Trying to change GMP requirements runs into a range of problems: firstly, there will be a great deal of political opposition from those who hold the unreasonable fear that any change to GMP regulation will make drugs unsafe; secondly, there will be a great deal of political opposition from large organizations that use the high cost of compliance to reduce competition, the usual problem of regulatory capture; thirdly, the specific interpretations of compliance that have become so very costly have very little do with the published regulations, vary widely by drug type, are very complicated, are are near entirely documented privately, making them hard to target; fourthly, many smaller countries reference US GMP standards and rely upon them to inform their own medical regulation, essential outsourcing that function.

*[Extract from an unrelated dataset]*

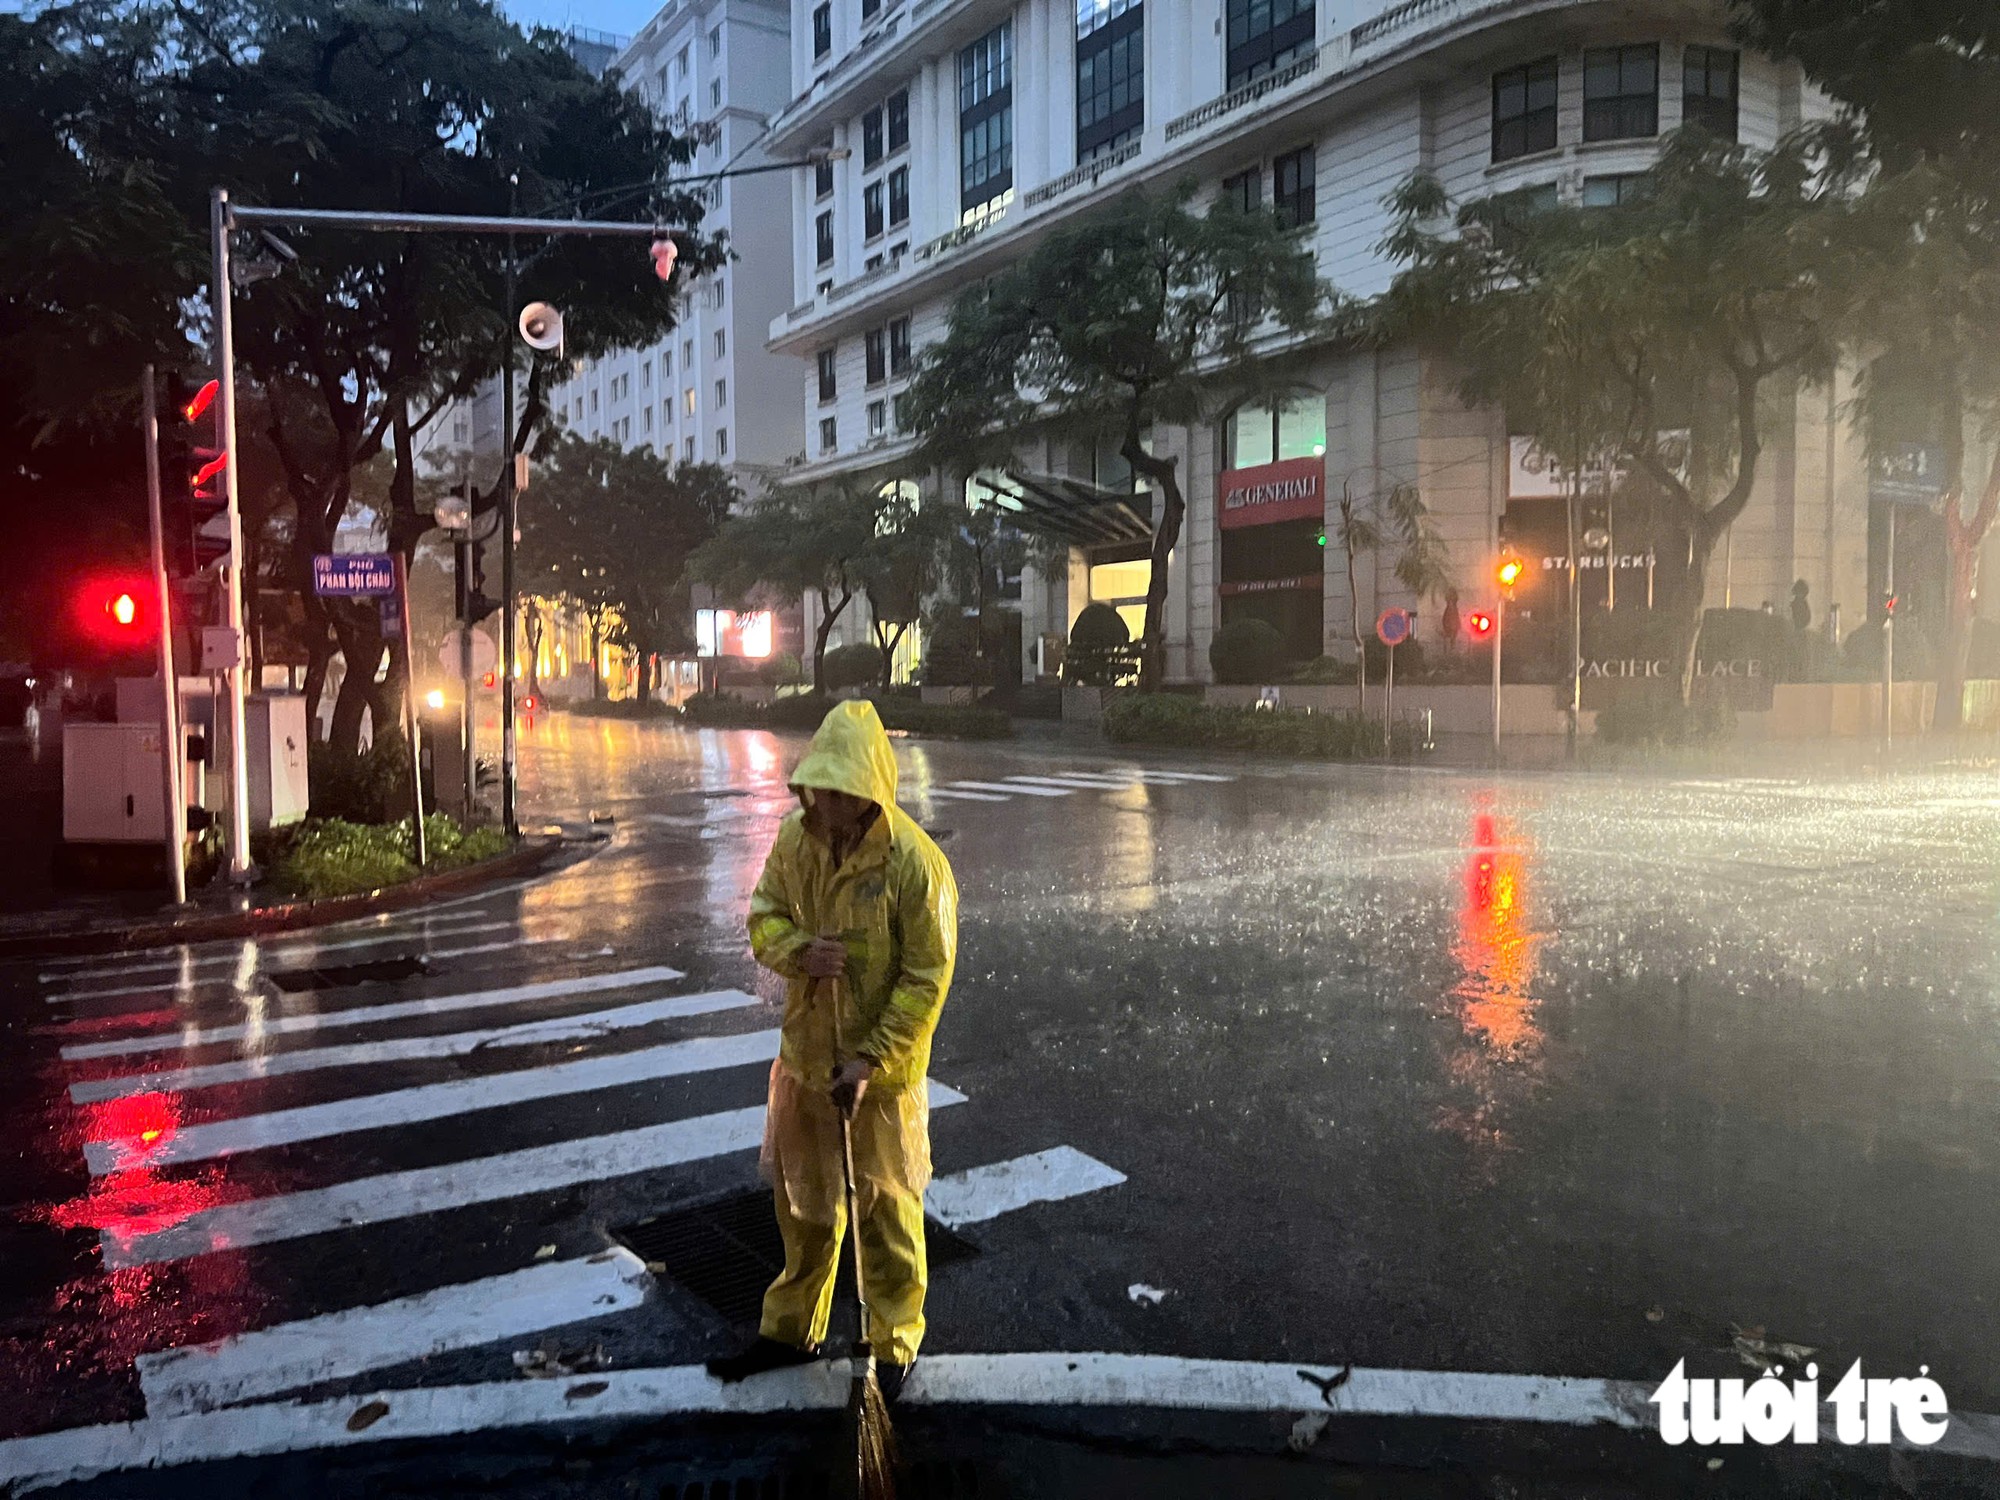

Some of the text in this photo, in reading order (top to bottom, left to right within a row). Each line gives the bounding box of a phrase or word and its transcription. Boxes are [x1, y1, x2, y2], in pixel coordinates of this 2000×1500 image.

[1246, 475, 1316, 505] GENERALI
[1568, 657, 1762, 679] PACIFIC LACE

To return to Australia, for example, the consensus that has emerged among institutional review boards, clinical trial running CROs, and clinical sites, is that the drug used in a phase 1 clinical trial should be manufactured to GMP-like quality. What "GMP-like" means in practice is that the FDA has accepted the proposed technical/scientific details of the manufacturing process and quality control assays, the drug batch is manufactured using that process and those assays, but the manufacture is not conducted with the very expensive addition of the full audit trail, checking in triplicate, form-filling, checkboxes, and validation at every step that is required for a process to be GMP grade. In drug manufacture circles this is called an engineering batch, and in present practice is the last full scale non-GMP batch that successfully tests all of the manufacturing processes and passes all of the quality assurance tests. The engineering batch is usually used for toxicity studies in animals that are conducted as a part of submitting an IND proposal to the FDA - except that in Australia one can also use the engineering batch for a phase 1 safety trial in human volunteers.

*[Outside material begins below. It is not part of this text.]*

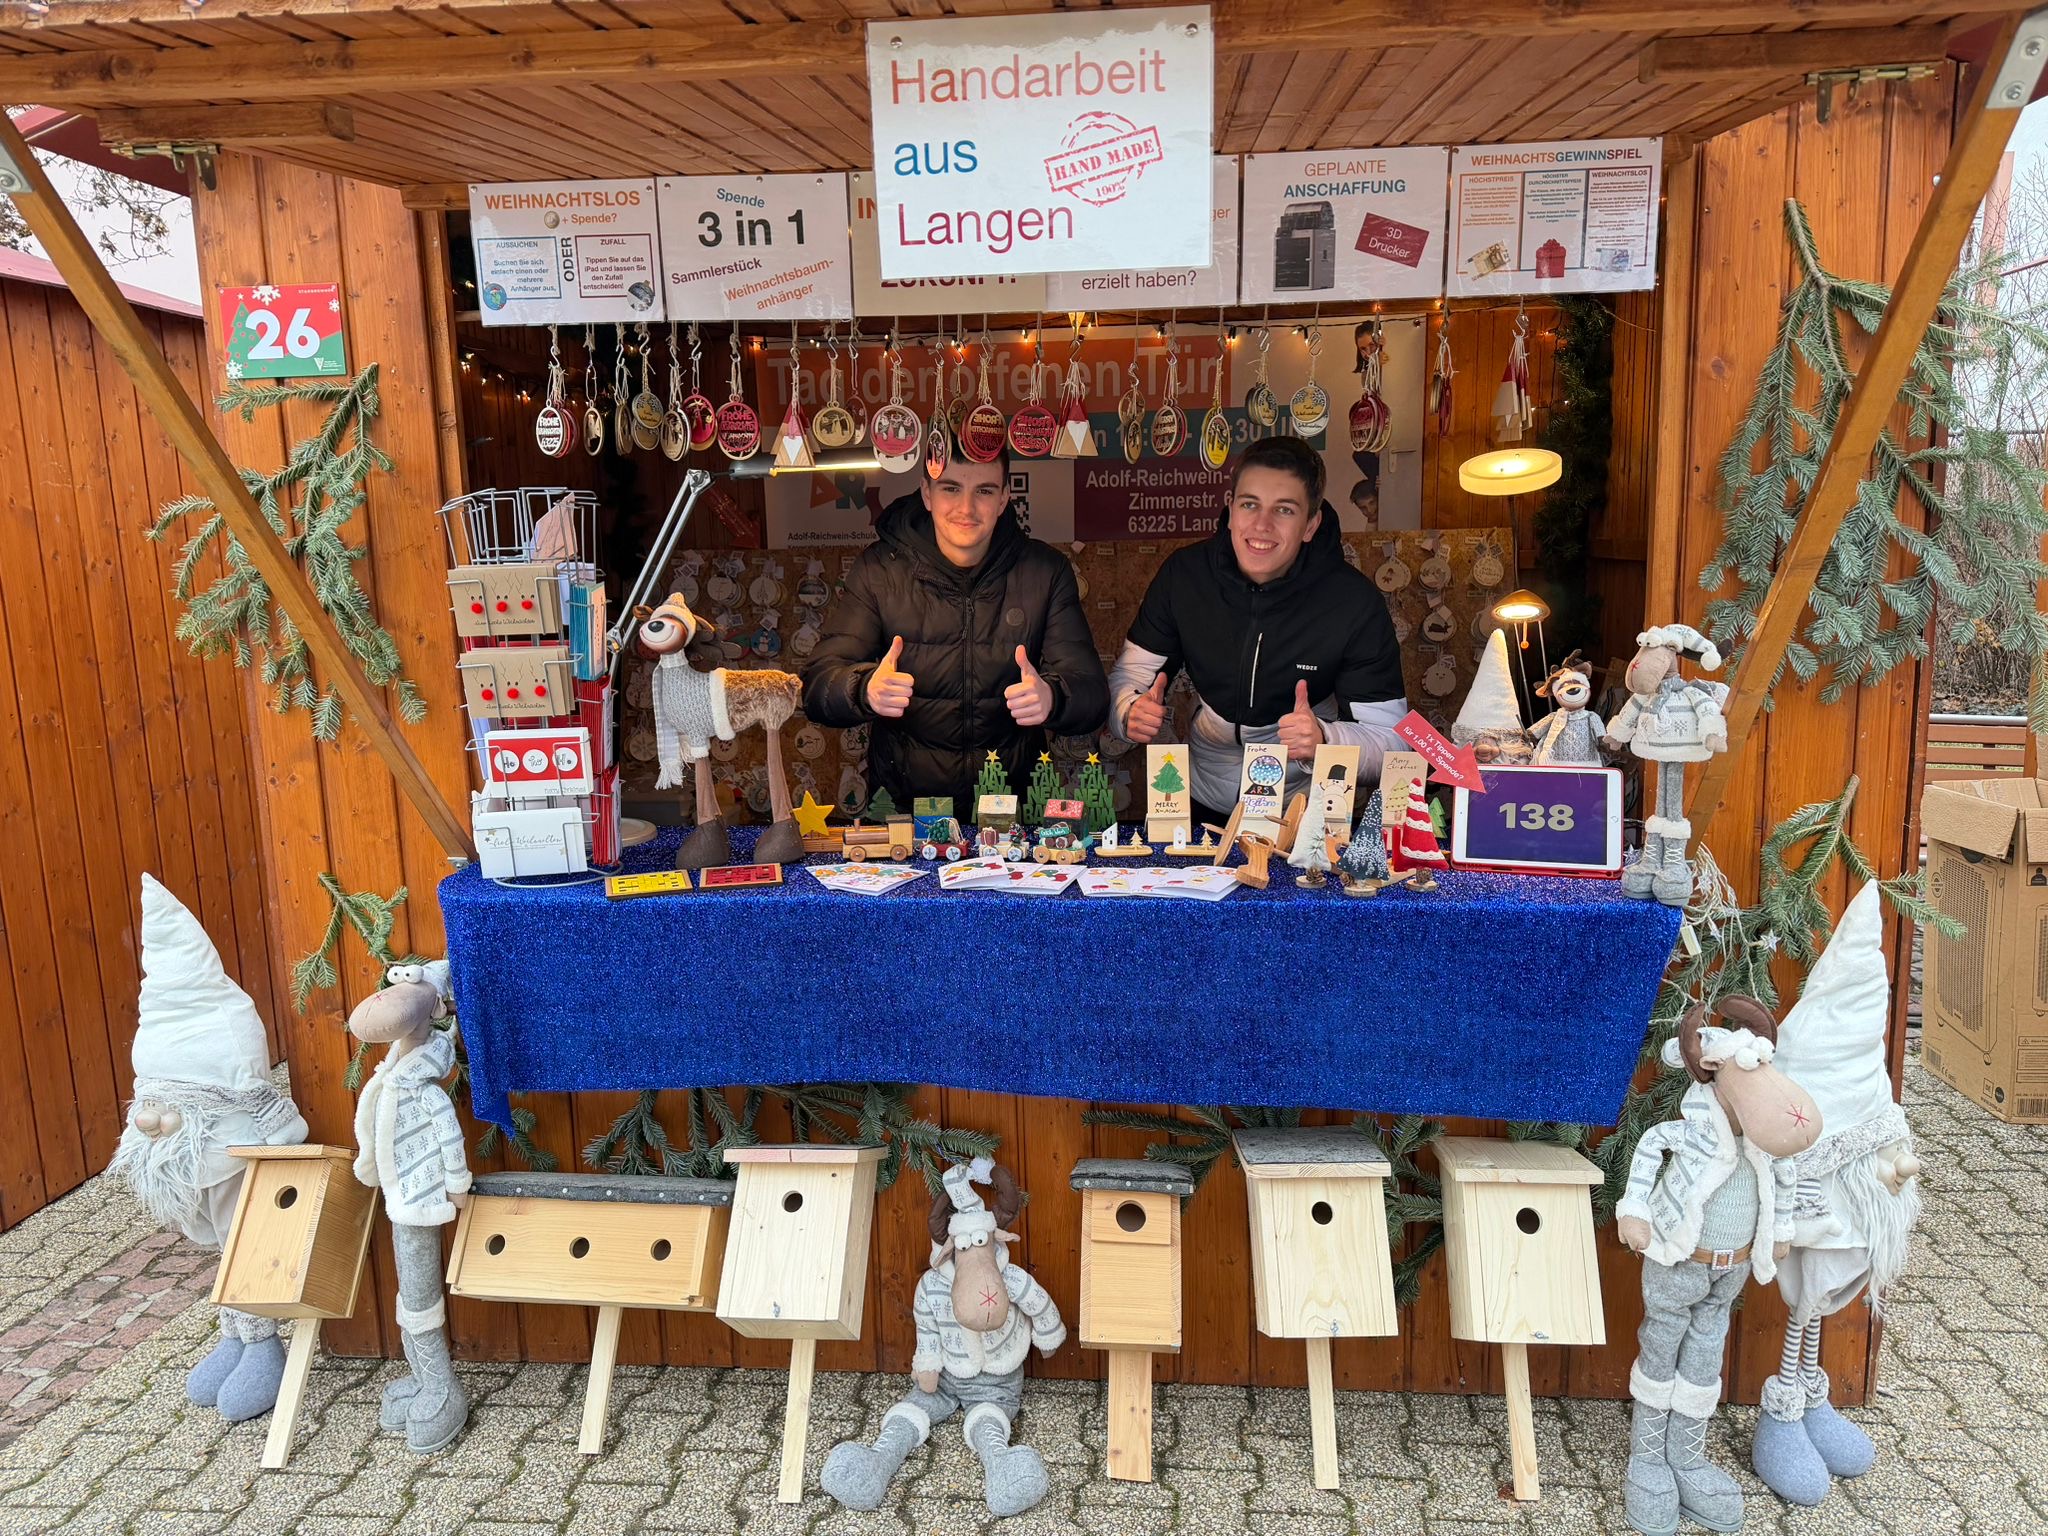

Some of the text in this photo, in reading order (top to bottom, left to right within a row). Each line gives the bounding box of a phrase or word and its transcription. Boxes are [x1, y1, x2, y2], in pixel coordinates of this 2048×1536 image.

If engineering batches are safe enough for humans in Australia, why not everywhere else? Why not have the minimum regulated safety requirement for medicines at any stage of approval or commercial use be that manufactured batches be made as if engineering batches? This would reduce manufacture cost by 50% for many drug classes. The batches would still have to pass quality testing that has been reviewed by regulators, institutional review boards, and others. The answer to the question "why not?" is probably that (a) this would be a hard change to make, politically, and (b) while it is easy to state the change in a single sentence, actually wrangling into shape the vague regulations and hidden details of the present state of the art regarding compliance would be challenging.
But it seems likely that we shall see how this all turns out!